Dataset =>
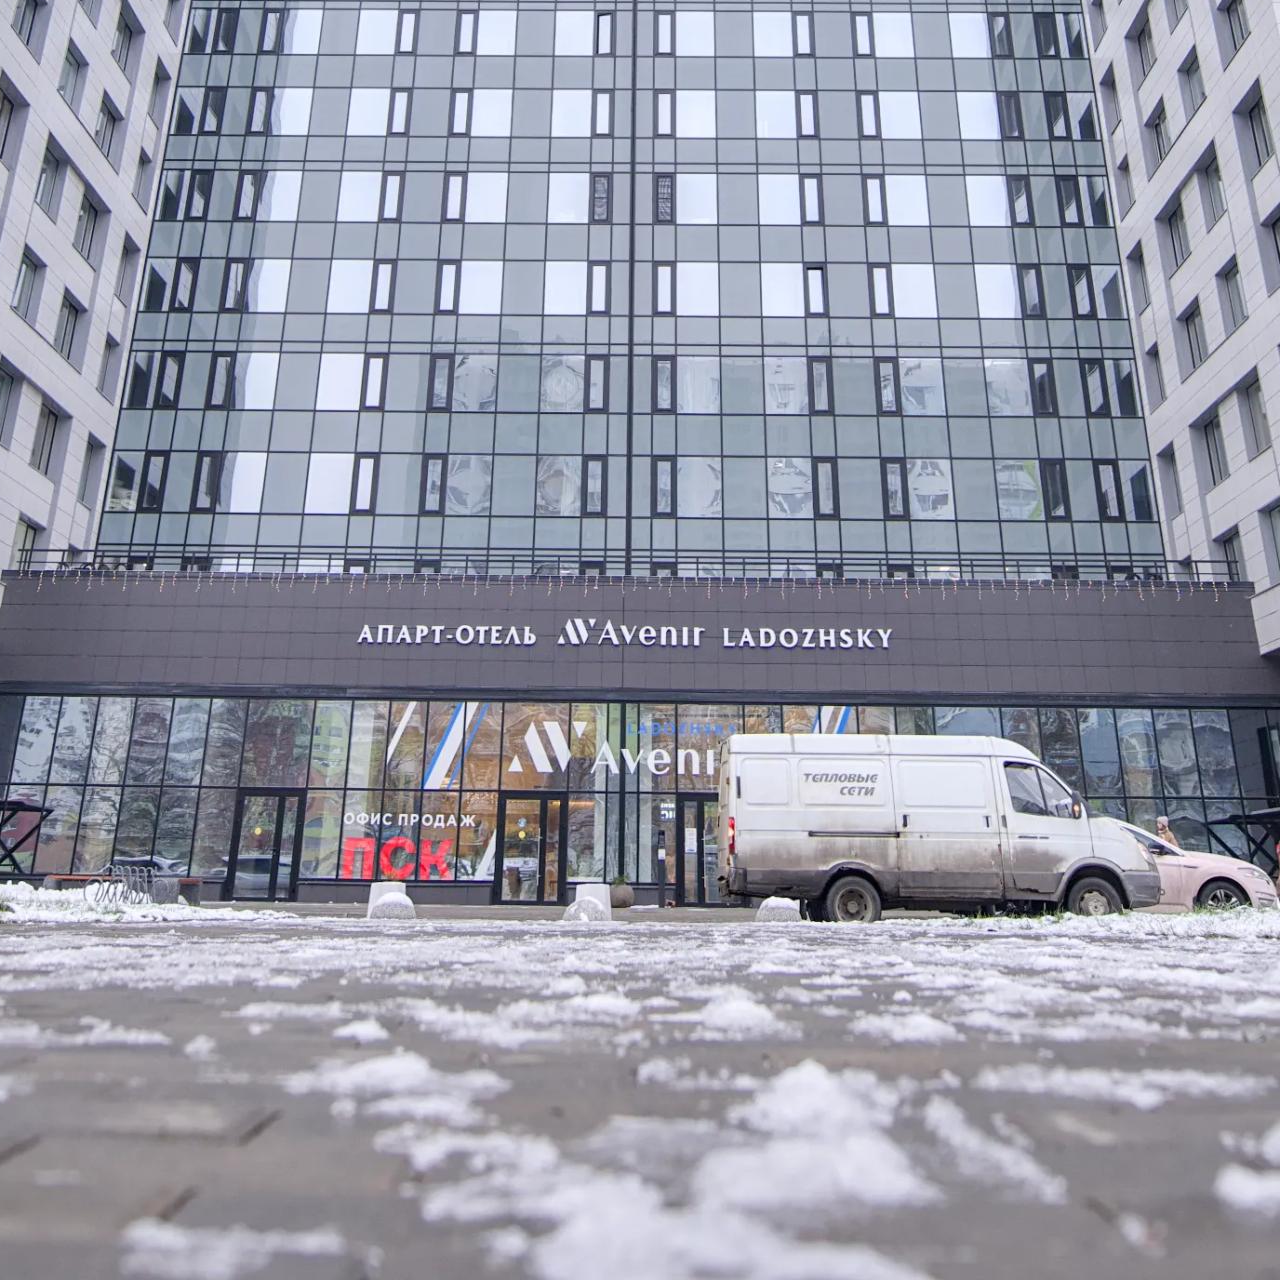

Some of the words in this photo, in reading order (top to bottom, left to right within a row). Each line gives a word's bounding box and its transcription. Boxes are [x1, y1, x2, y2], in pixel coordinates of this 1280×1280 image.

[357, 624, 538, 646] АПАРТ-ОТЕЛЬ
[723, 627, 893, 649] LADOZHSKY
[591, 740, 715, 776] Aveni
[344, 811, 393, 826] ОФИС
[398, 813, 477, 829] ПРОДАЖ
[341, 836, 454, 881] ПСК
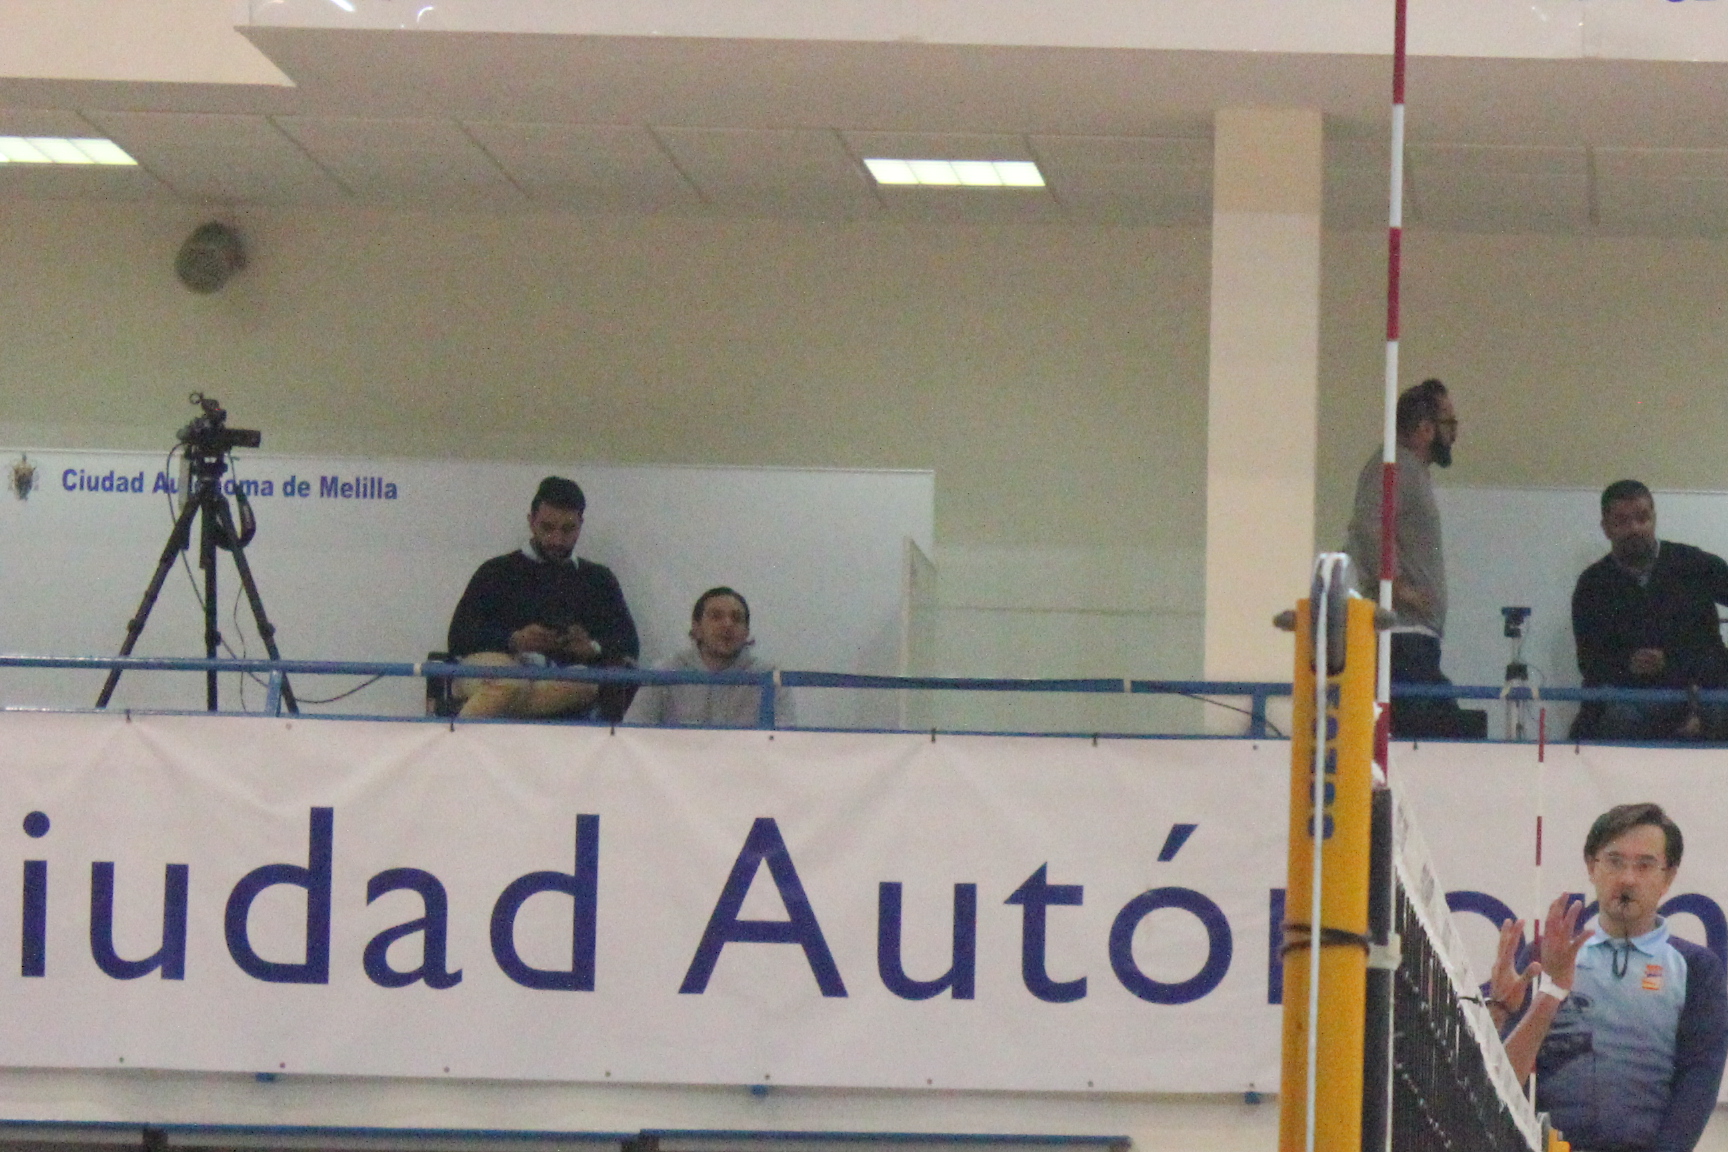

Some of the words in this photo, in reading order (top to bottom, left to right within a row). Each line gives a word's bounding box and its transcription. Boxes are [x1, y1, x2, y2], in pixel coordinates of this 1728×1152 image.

What you have to do => Could you repeat the entries word for word, skipping the pictures they contain?

Exercise response =>
Some of the words in this photo, in reading order (top to bottom, left to right within a row). Each line gives a word's bounding box and its transcription. Boxes are [x1, y1, x2, y2], in pixel coordinates of this 1280×1280 image.

[357, 624, 538, 646] АПАРТ-ОТЕЛЬ
[723, 627, 893, 649] LADOZHSKY
[591, 740, 715, 776] Aveni
[344, 811, 393, 826] ОФИС
[398, 813, 477, 829] ПРОДАЖ
[341, 836, 454, 881] ПСК

Some of the words in this photo, in reading order (top to bottom, left to right within a row). Each line gives a word's bounding box and its transcription. Boxes are [x1, y1, x2, y2], in pixel coordinates of this 1728×1152 image.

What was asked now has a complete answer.